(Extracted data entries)
-----

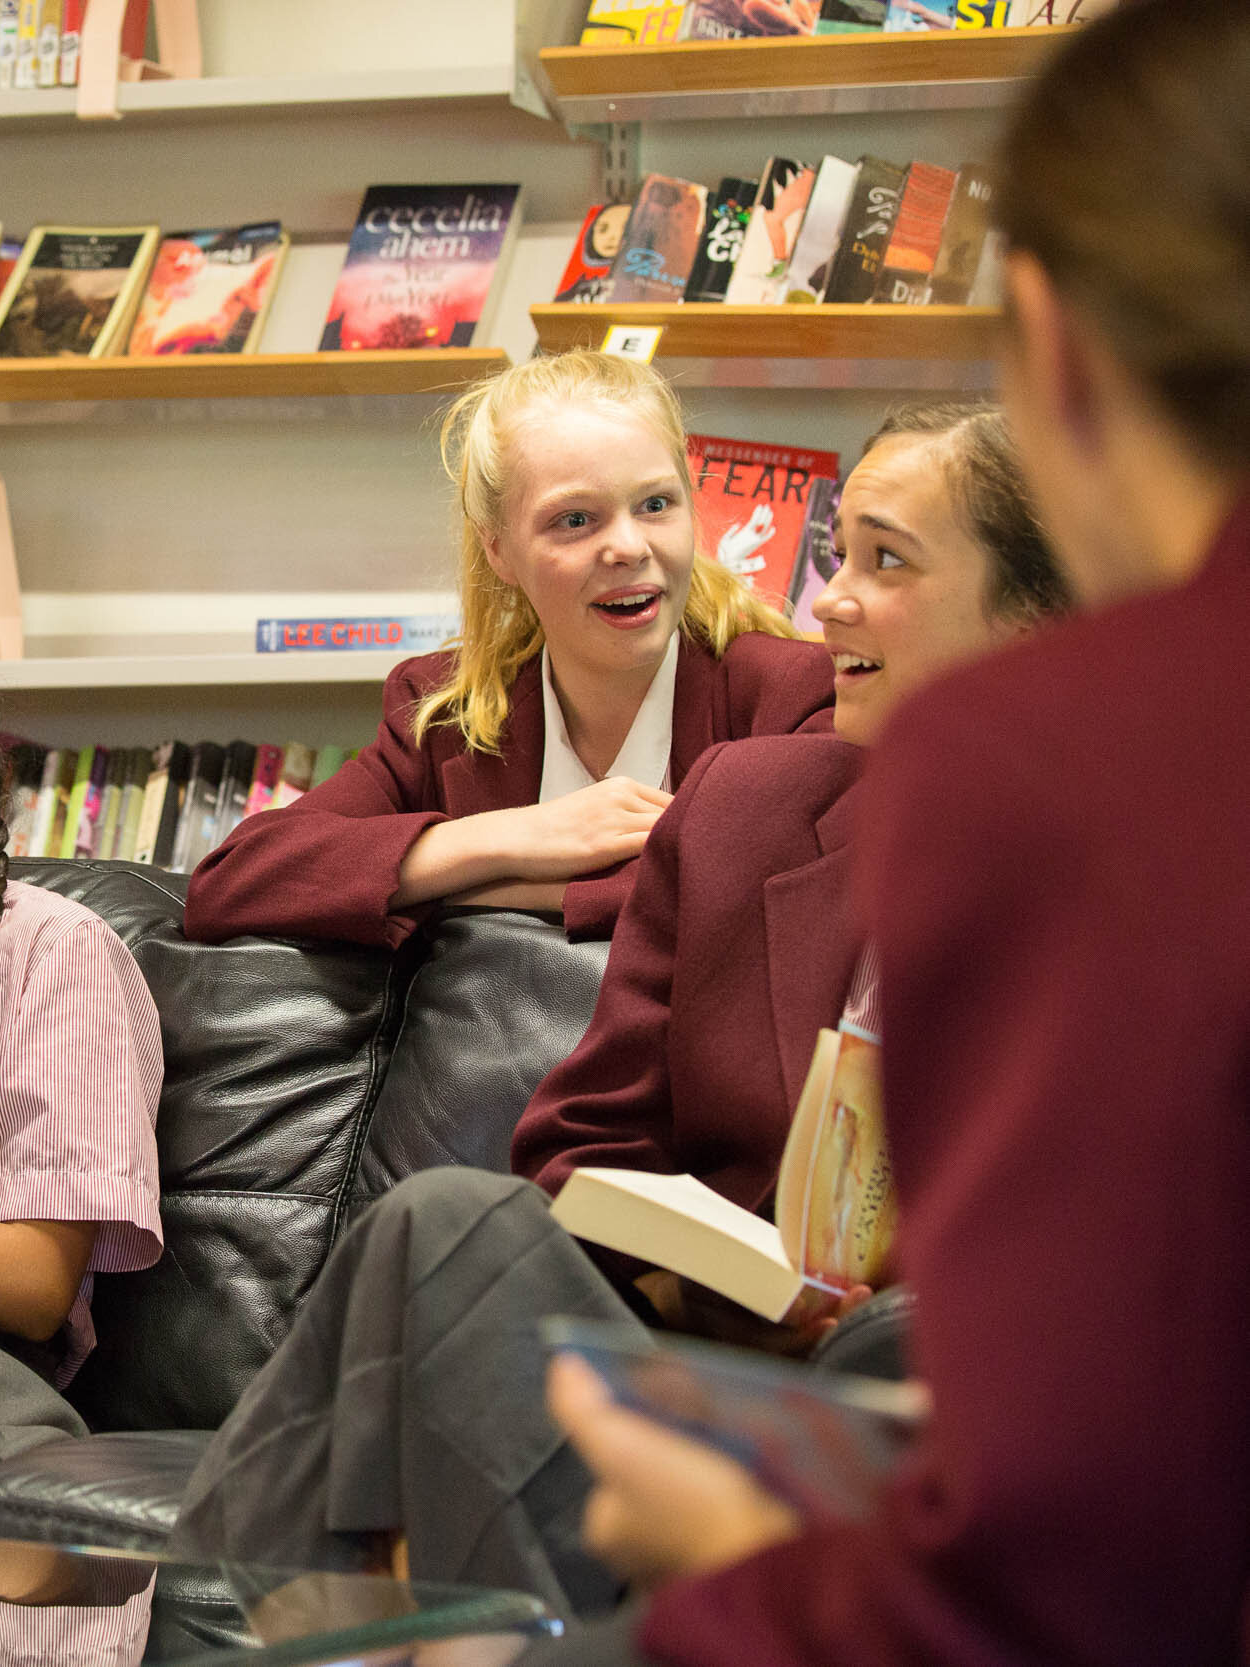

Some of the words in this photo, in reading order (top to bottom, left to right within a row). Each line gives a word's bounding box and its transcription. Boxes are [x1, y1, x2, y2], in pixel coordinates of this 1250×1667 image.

[365, 194, 502, 234] cecelia
[621, 337, 640, 352] E
[697, 455, 810, 504] FEAR
[283, 624, 327, 647] LEE
[330, 622, 404, 645] CHILD
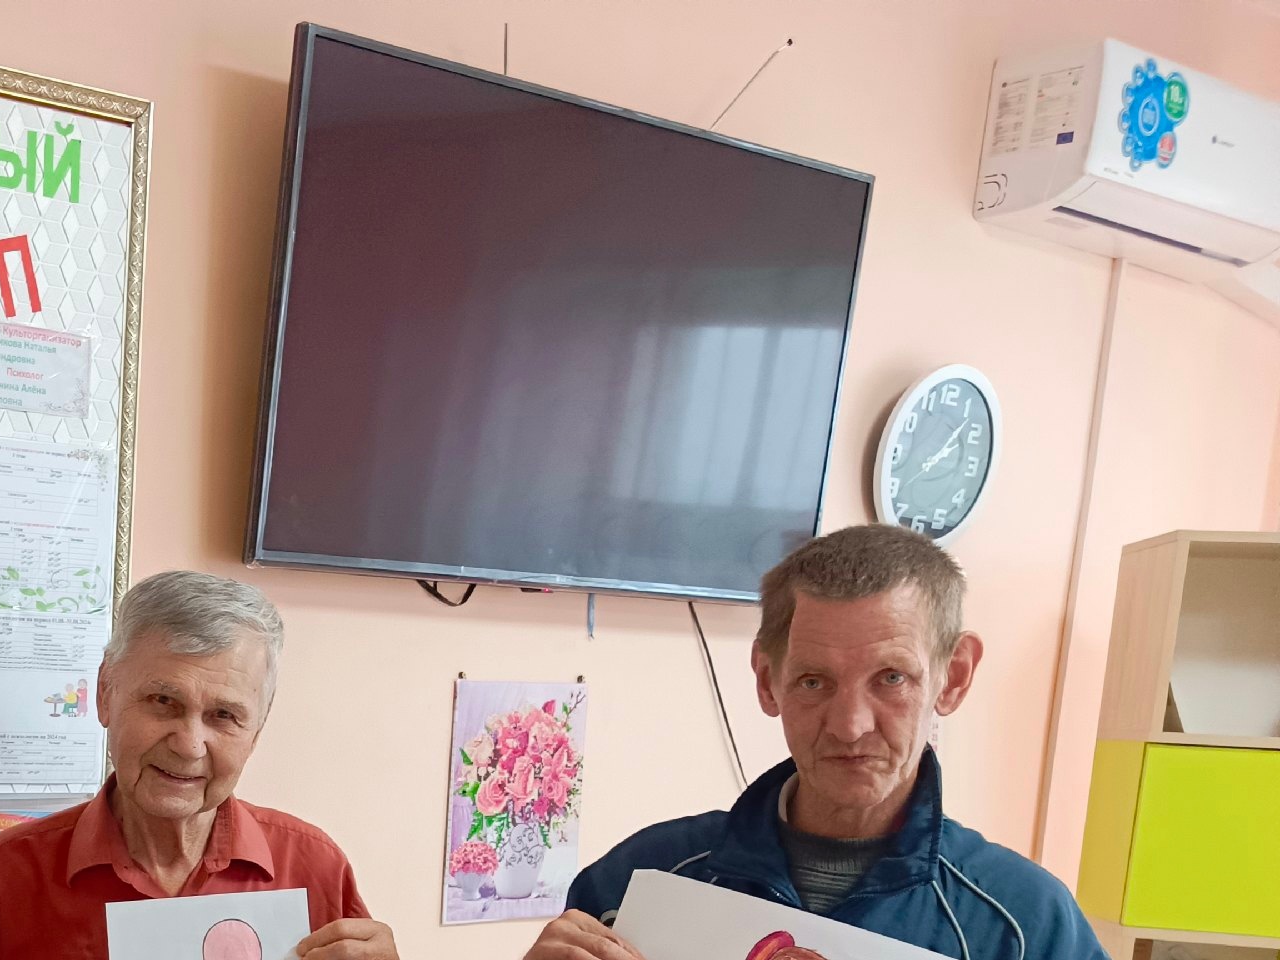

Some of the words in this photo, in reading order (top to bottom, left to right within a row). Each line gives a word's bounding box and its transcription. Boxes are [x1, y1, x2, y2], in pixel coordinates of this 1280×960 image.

[940, 383, 961, 406] 12
[963, 398, 972, 418] 1
[967, 423, 983, 445] 2
[964, 456, 980, 478] 3
[951, 488, 967, 508] 4
[931, 508, 948, 530] 5
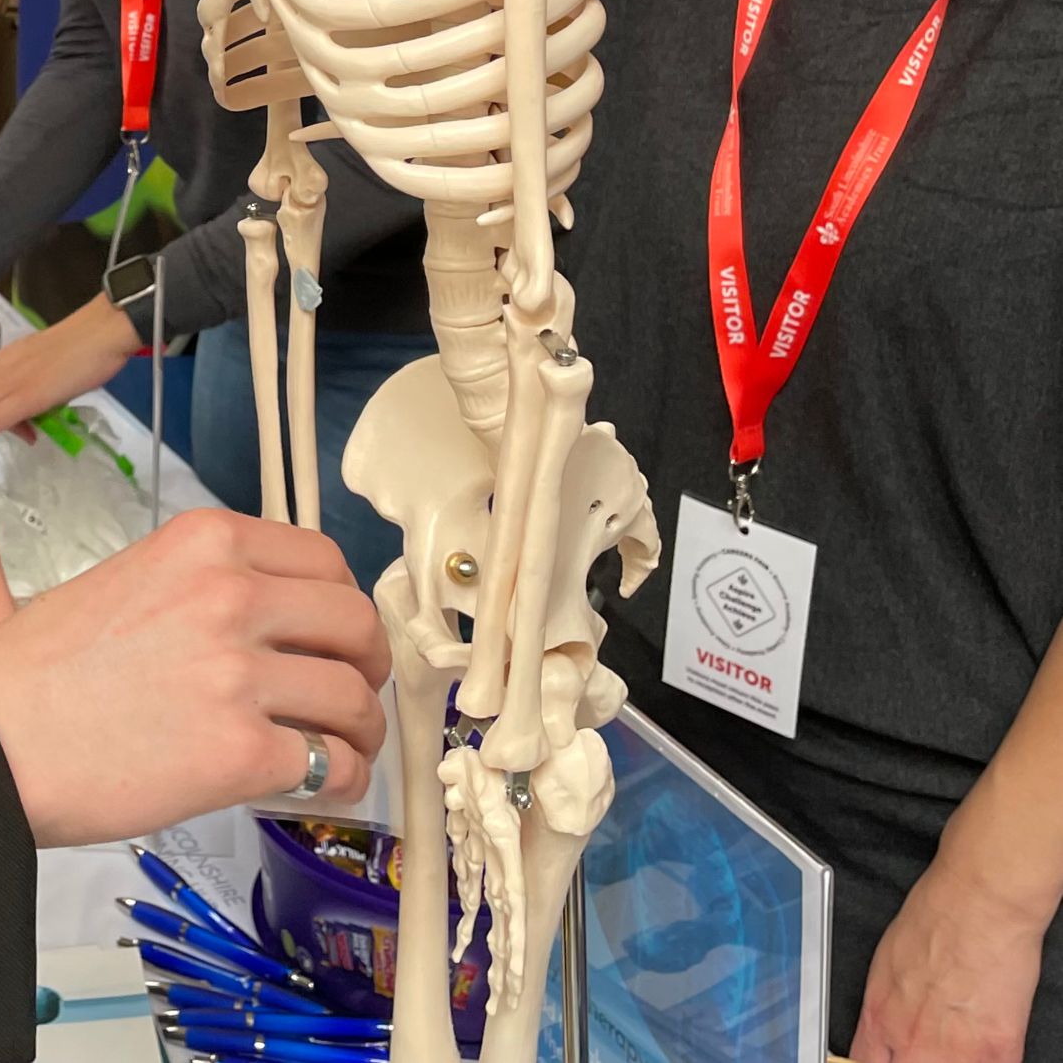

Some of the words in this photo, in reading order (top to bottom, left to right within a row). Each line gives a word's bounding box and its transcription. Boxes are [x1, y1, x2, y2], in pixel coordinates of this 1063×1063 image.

[898, 15, 942, 87] VISITOR
[720, 265, 746, 346] VISITOR
[769, 289, 812, 359] VISITOR
[696, 646, 773, 694] VISITOR
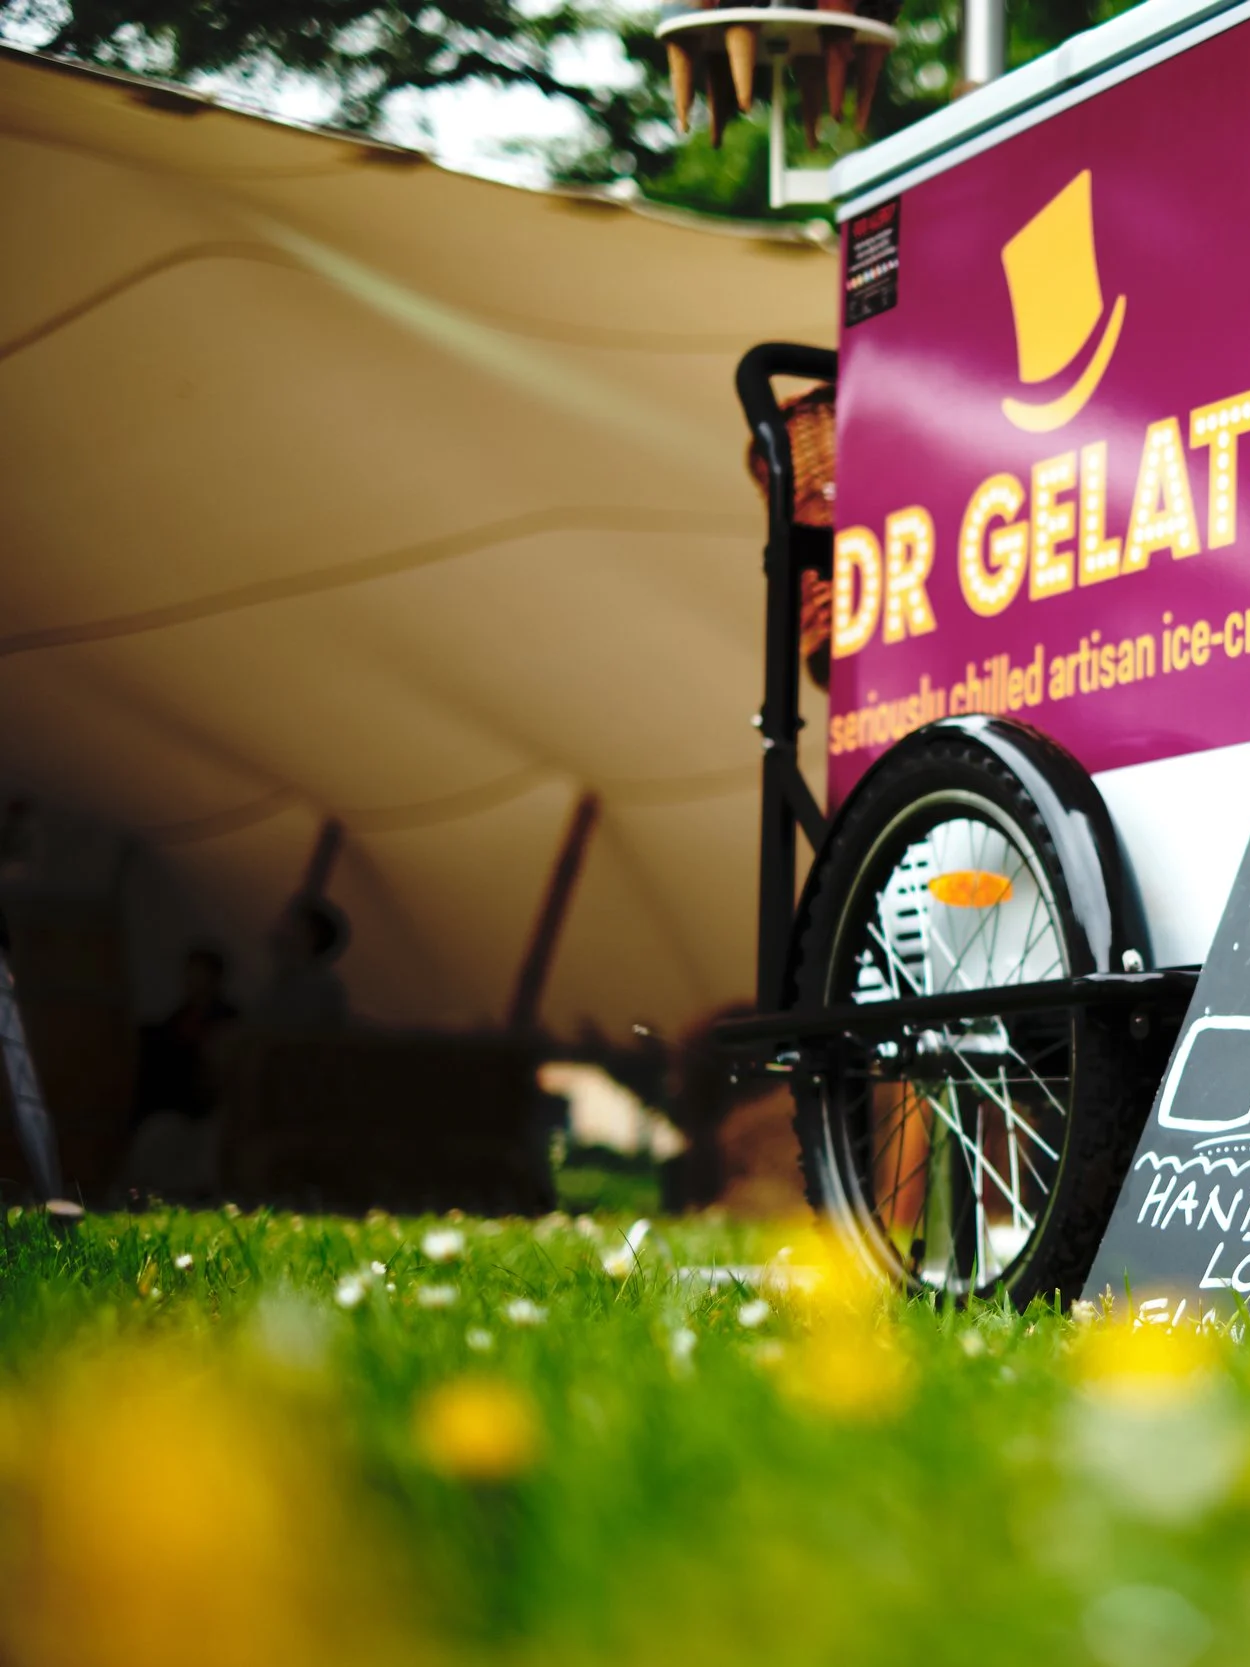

-----

### WHAT IS BEING ASKED
The pictures in the data should be omitted, and every remaining line set down exactly.

### EXPECTED ANSWER
Some of the words in this photo, in reading order (top to bottom, left to right within a row). Each line gives a word's bounding box and its transcription. Boxes are [x1, y1, x2, y2], in pixel coordinates of this 1250×1667 image.

[365, 194, 502, 234] cecelia
[621, 337, 640, 352] E
[697, 455, 810, 504] FEAR
[283, 624, 327, 647] LEE
[330, 622, 404, 645] CHILD

Some of the words in this photo, in reading order (top to bottom, left to right within a row). Each line gives a word's bounding box and its transcription. Boxes are [x1, y1, x2, y2], in pixel coordinates of this 1280×960 image.

[940, 383, 961, 406] 12
[963, 398, 972, 418] 1
[967, 423, 983, 445] 2
[964, 456, 980, 478] 3
[951, 488, 967, 508] 4
[931, 508, 948, 530] 5

Some of the words in this photo, in reading order (top to bottom, left to right within a row). Each line gives a word's bounding box and its transcription. Boxes are [x1, y1, x2, y2], in pixel coordinates of this 1063×1063 image.

[898, 15, 942, 87] VISITOR
[720, 265, 746, 346] VISITOR
[769, 289, 812, 359] VISITOR
[696, 646, 773, 694] VISITOR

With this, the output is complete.